§ Exercise objective
Only the final stretch of the data is wanted: reproduce the line containing "Some of the words" and each line after it, exactly.

=== Information supplied ===

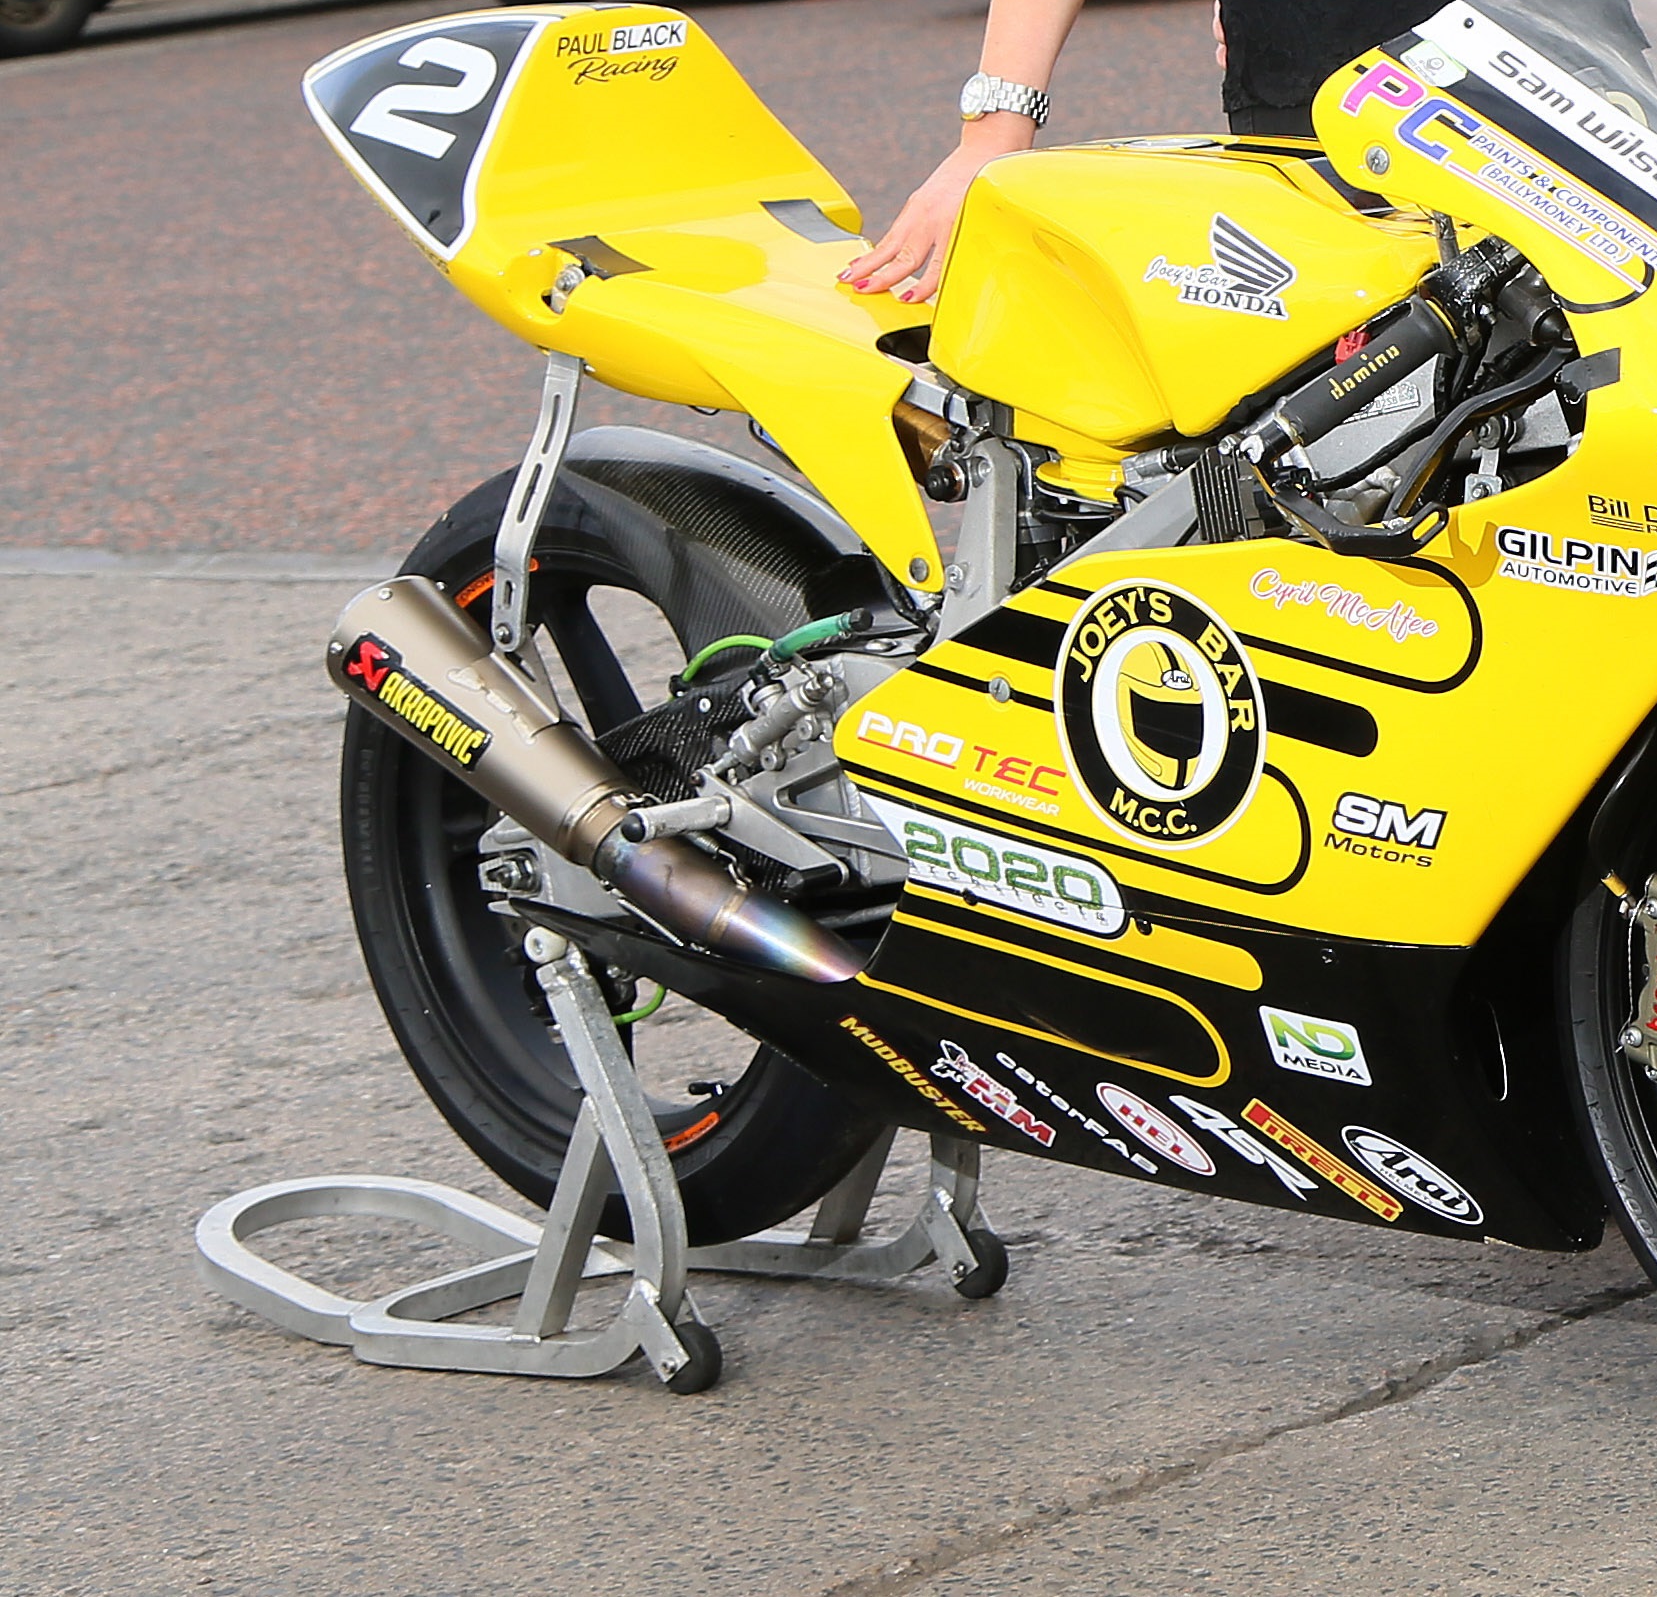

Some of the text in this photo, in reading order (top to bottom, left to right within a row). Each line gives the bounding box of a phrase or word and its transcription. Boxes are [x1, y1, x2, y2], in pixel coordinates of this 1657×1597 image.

[556, 21, 684, 58] PAUL BLACK
[349, 36, 498, 161] 2
[566, 54, 680, 86] Racing
[1488, 49, 1575, 116] Sam
[1339, 60, 1479, 167] PC
[1472, 131, 1532, 180] PAINTS
[1534, 172, 1553, 192] &
[1145, 256, 1230, 288] Joey's Bar
[1181, 284, 1287, 318] HONDA
[1329, 344, 1401, 401] domino
[1587, 494, 1630, 519] Bill
[1498, 527, 1639, 577] GILPIN
[1501, 560, 1638, 595] AUTOMOTIVE
[1250, 567, 1439, 644] Cyril McAfee
[1068, 587, 1256, 734] JOEY'S BAR
[858, 710, 1067, 797] PRO TEC
[963, 777, 1061, 817] WORKWEAR
[1109, 786, 1198, 836] M.C.C.
[1333, 794, 1445, 847] SM
[903, 820, 1104, 911] 2020
[1323, 833, 1432, 868] Motors
[839, 1015, 987, 1135] MUDBUSTER
[1281, 1052, 1362, 1080] MEDIA
[1118, 1104, 1191, 1165] HEL
[1245, 1100, 1399, 1220] PIRELLI
[1350, 1133, 1470, 1212] Arai
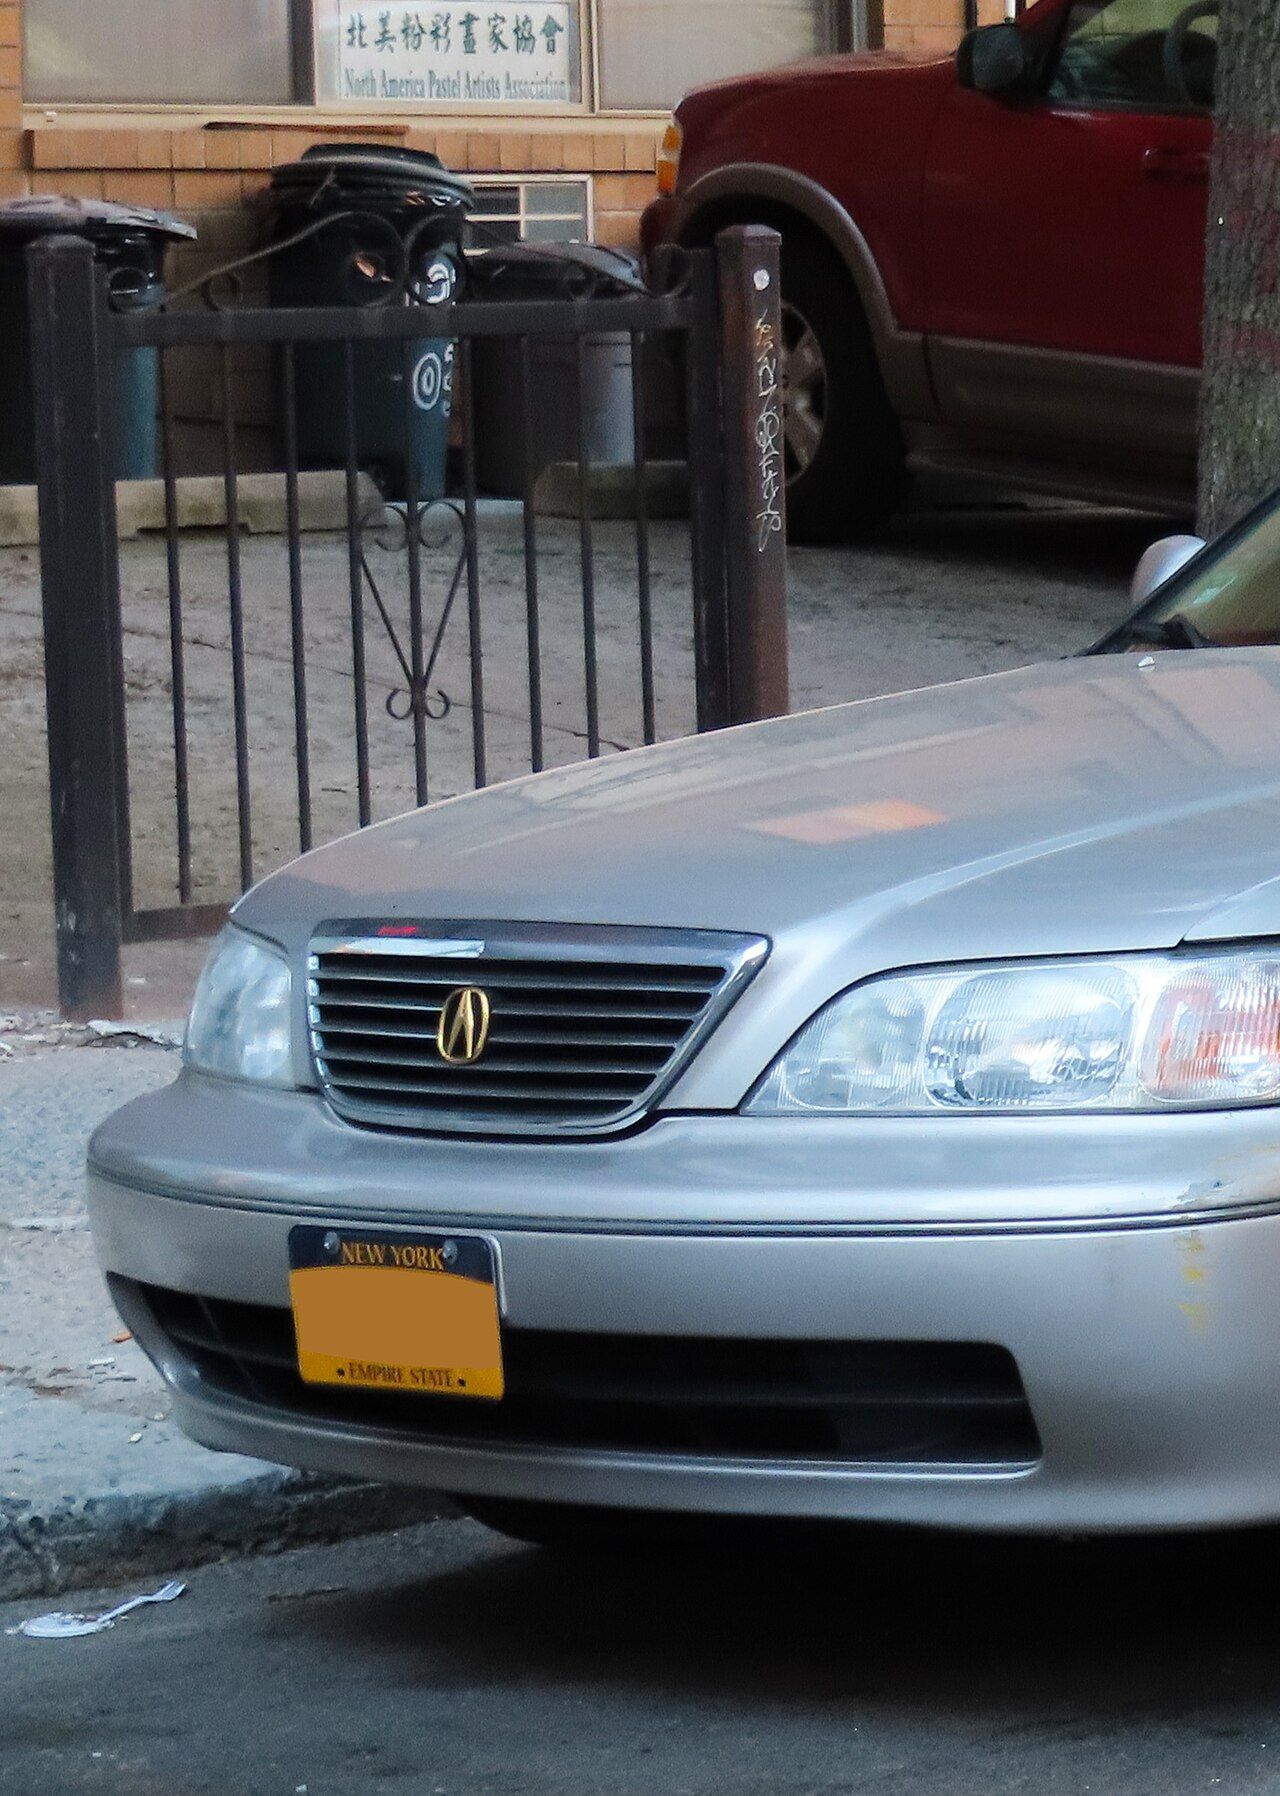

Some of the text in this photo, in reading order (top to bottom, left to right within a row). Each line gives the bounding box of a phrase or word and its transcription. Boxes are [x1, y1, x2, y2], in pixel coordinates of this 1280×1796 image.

[347, 11, 564, 54] 北美粉彩畫家協會
[344, 67, 568, 99] North America Pastel Artists Association
[342, 1241, 445, 1271] NEW YORK
[348, 1362, 452, 1387] EMPIRE STATE
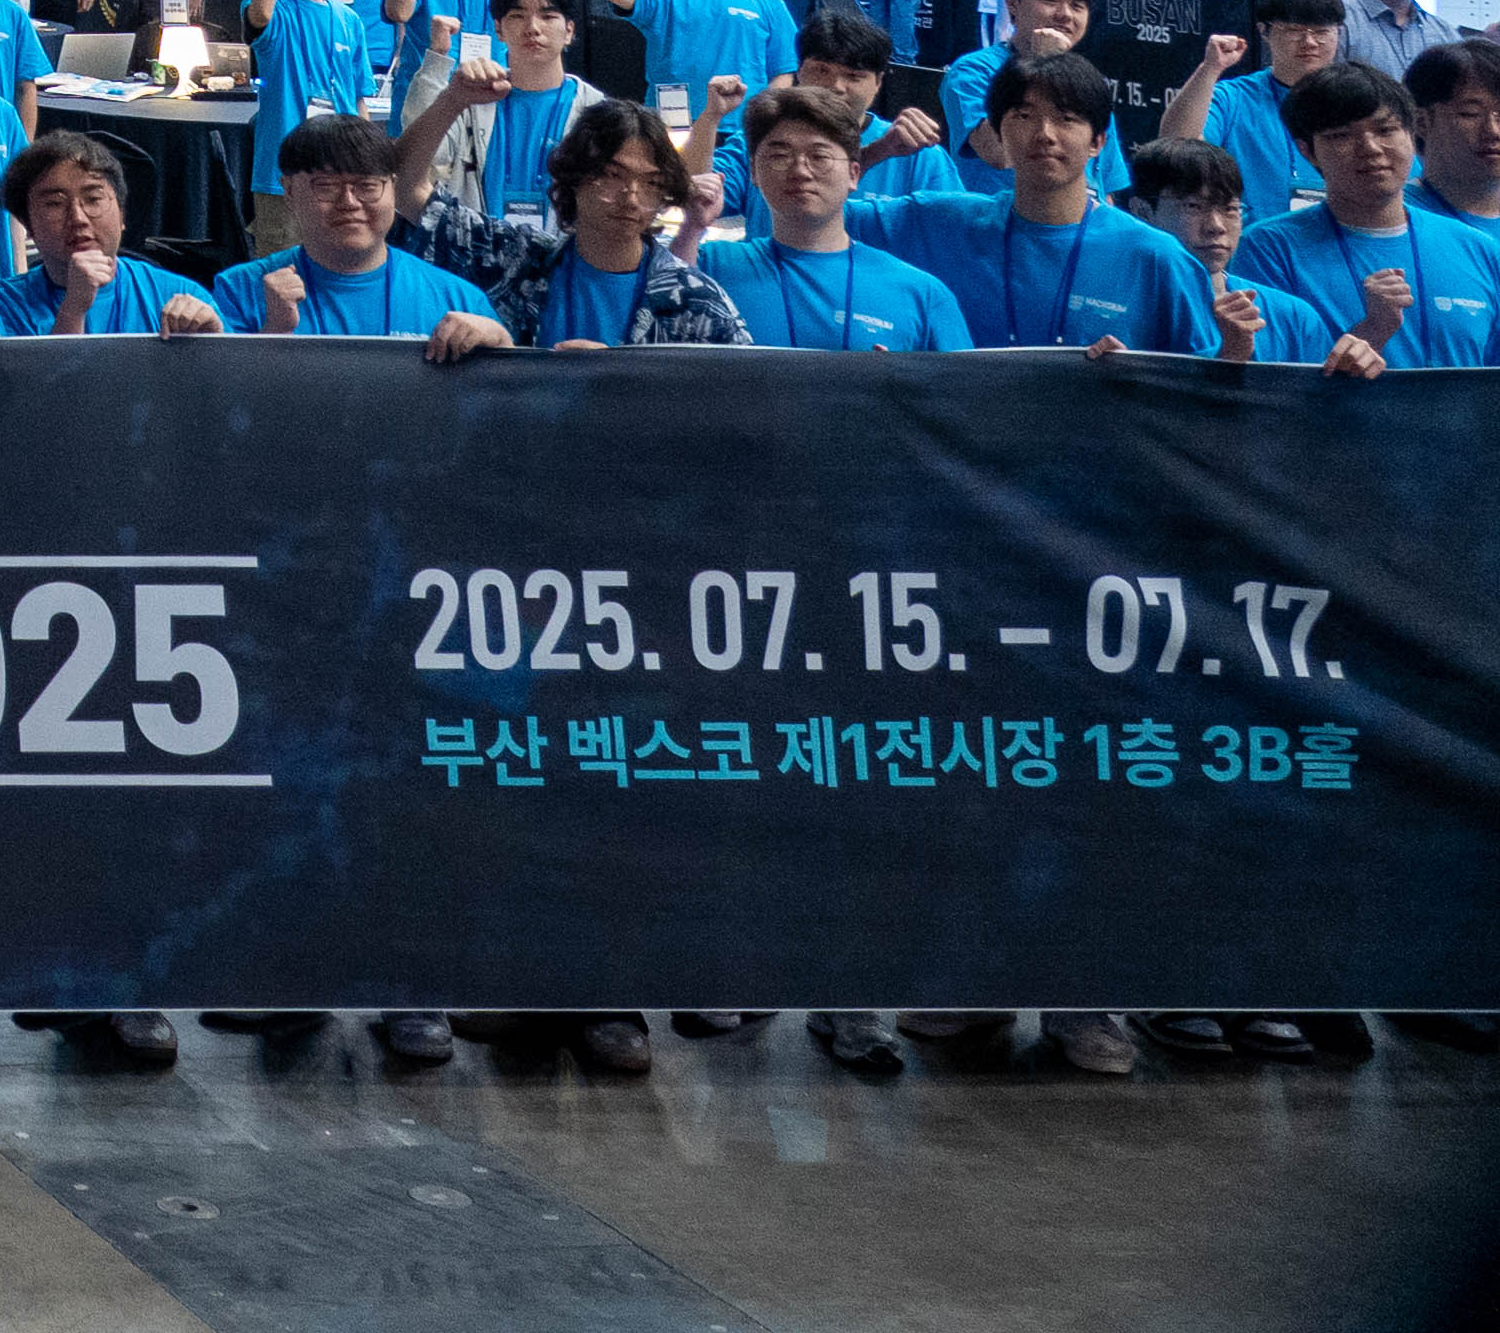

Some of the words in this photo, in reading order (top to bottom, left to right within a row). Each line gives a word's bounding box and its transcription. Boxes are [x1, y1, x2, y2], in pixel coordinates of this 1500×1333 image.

[1136, 23, 1171, 44] 2025
[1126, 82, 1147, 108] 15.
[408, 567, 660, 672] 2025.
[689, 568, 822, 672] 07.
[848, 570, 967, 673] 15.
[1086, 574, 1221, 675] 07.
[1231, 577, 1344, 680] 17.
[420, 718, 547, 789] 부산
[568, 719, 762, 789] 벡스코
[776, 717, 1063, 789] 제1전시장
[1082, 722, 1182, 787] 1층
[1199, 722, 1358, 790] 3B홀

===

§ Exercise answer
Some of the words in this photo, in reading order (top to bottom, left to right within a row). Each line gives a word's bounding box and its transcription. Boxes are [x1, y1, x2, y2], in pixel coordinates of this 1500×1333 image.

[1136, 23, 1171, 44] 2025
[1126, 82, 1147, 108] 15.
[408, 567, 660, 672] 2025.
[689, 568, 822, 672] 07.
[848, 570, 967, 673] 15.
[1086, 574, 1221, 675] 07.
[1231, 577, 1344, 680] 17.
[420, 718, 547, 789] 부산
[568, 719, 762, 789] 벡스코
[776, 717, 1063, 789] 제1전시장
[1082, 722, 1182, 787] 1층
[1199, 722, 1358, 790] 3B홀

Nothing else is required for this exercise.